París y un puré de patatas

Pau Arenós

París y un puré de patatas

PALABRERÍA

Melancolía. Quedaría épico, o ligeramente trágico, que escribiera aquí que fui a París a comer un puré de patatas. No que escribiera que fui a París a pasear la melancolía bajo la lluvia fina, que fui a París a que los ojos me estallaran en el Louvre o en el Musée d’Orsay, que fui a París a tomarme un Jack Daniel’s ante la tumba de Jim Morrison en el cementerio de Père-Lachaise, que fui a París a comprar a la Shakespeare & Company algunos libros con páginas que crujen como la madera vieja. No: fui a París a comer un puré de patatas, y otras cosas, por supuesto, aunque meter el tenedor en esa masa de aspecto ligero y fondo mantequilloso era lo principal.

Desatascador. Ni siquiera pasamos por el hotel: ligeros de equipaje cumplimos con la reserva en L’Atelier de Joël Robuchon, en el número 5 de la calle de Montalembert. En su momento, Robuchon fue considerado el mejor cocinero del mundo (aún más, ¡cuisinier du siècle!), uno de esos títulos tan indemostrables como que alguien sea coronado Fontanero Absoluto con un desatascador en la cabeza. Entre los suyos, Robuchon era considerado un pequeño dios y su manía por la perfección se había convertido en marca. Fue un hombre astuto: a los 50 se jubiló de la alta cocina competitiva y consiguió apilar montones de billetes con una expansión a lo fast food, pero en formato de lujo. A su muerte en 2018, era el cocinero con más estrellas Michelin, lo que solo aporta confusión a la causa. Conocí a Robuchon en Madrid, hizo que me felicitaran por una cosa que había publicado y hasta nunca.

Felpudo. Hace 14 años de esto que cuento (el Atelier de la calle de Montalembert abrió en 2003) y lo primero que vi fueron coches de gran cilindrada aparcados como unos felpudos de gama alta. El restaurante invadía la acera, con una cubierta o cerramiento que parecía hablar de laxitud urbanística. Dentro, rojos y negros, y una barra para 40 comensales. En el fondo, un jamón ibérico para recordar en qué punto del mundo se había inspirado Robuchon. Y en un alarde de impostada rusticidad en el sofisticado escenario, ristras de ajos, hueveras y estanterías con limones y pimientos. Hoy las barras de alta cocina son un espacio repetido, pero entonces parecía que el francés hubiera robado una idea para reconstruirla multiplicándola por cien. Comimos fuagrás de pato, ancas de rana rebozadas, almejas rellenas de ajo violeta, pies de cerdo deshuesados y crujientes, mollejas de ternera con laurel (en unas notas, las tengo señaladas como ganadoras) y paquetitos de repollo rellenos de pichón y bebimos un sauvignon blanc de Serge Dagueneau. Esa clase de platos que nos ponen en peligro.

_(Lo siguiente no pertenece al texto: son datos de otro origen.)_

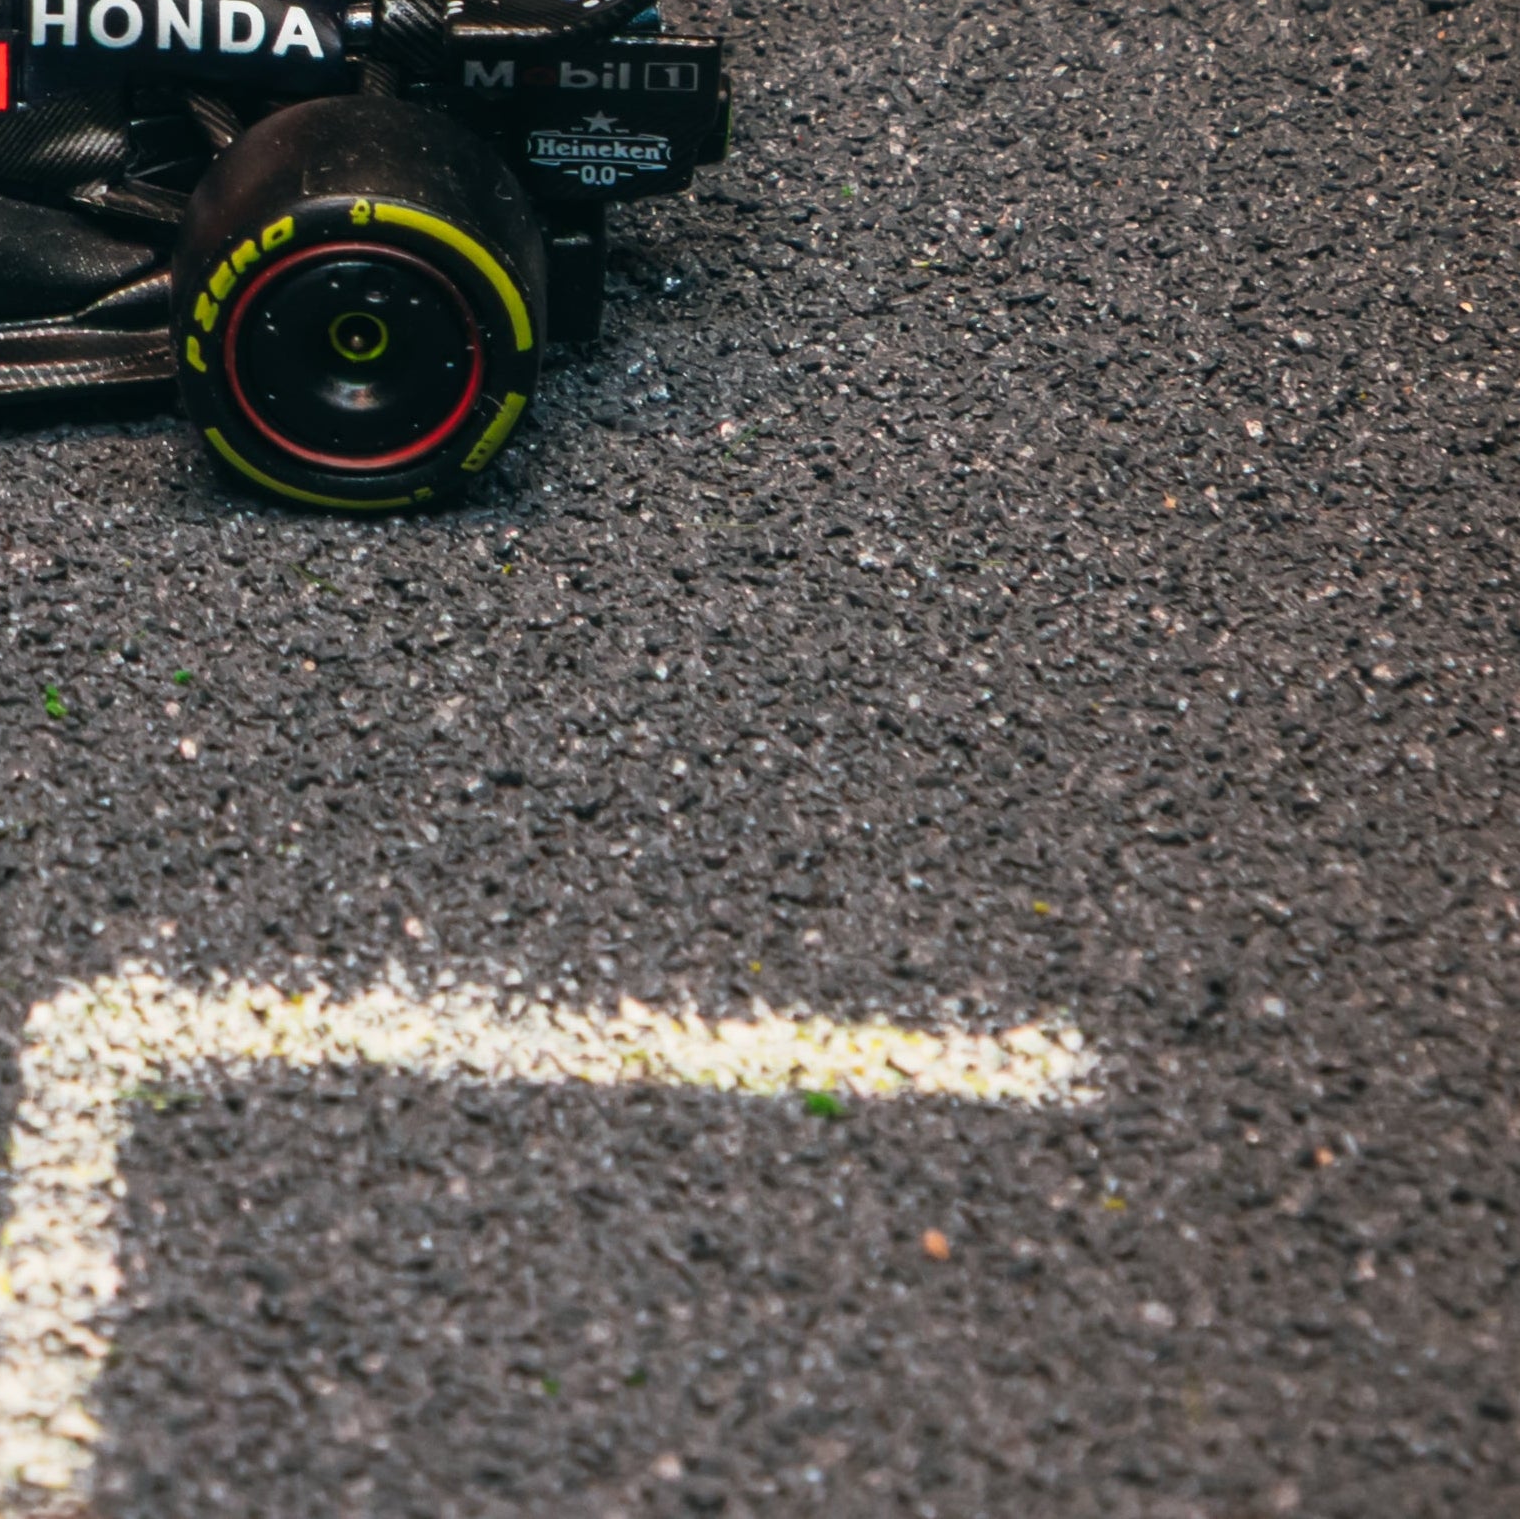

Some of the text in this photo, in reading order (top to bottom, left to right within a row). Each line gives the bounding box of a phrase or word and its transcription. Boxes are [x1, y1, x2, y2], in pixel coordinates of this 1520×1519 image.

Póker. El puré de patatas llegó en cazuelitas rojas desafiando a los ferraris. Robuchon no inventó las patatas ratte ni la mantequilla, pero sí que es el culpable de las proporciones: por cada kilo de tubérculo, 250 gramos del derivado de la leche. Ahora ve y pasa la revisión médica. Presentó esta seda en el restaurante Jamin en 1981, donde agigantó el prestigio. El imperio Robuchon fue construido sobre esa superficie en apariencia resbaladiza, aunque muy sólida. Dejé los recipientes más limpios que los bolsillos de un mal jugador de póker y comprendí que sí, que tal vez un puré de patatas mereciera una visita a París. Tiempo después repetí la experiencia sentado en La Table de Joël Robuchon, en la avenida Bugeaud, más apretado que en un concierto de trash metal, y de nuevo me asombré de la eficacia de la colaboración de la patata, la mantequilla y la leche para dar mambo a las papilas gustativas.

Ingrediente. ¿Puede alguien ser considerado cuisinier du siècle y haber tenido bajo el gorro 32 estrellas Michelin y pasar a la historia por un simple puré de patata? Sí, se puede. Lo mejor es que no es una receta secreta (página 606 de Todo Robuchon, RBA, 2006) y que cualquiera puede hacerla. Solo falta un ingrediente, y es muy importante: un pellizco de París.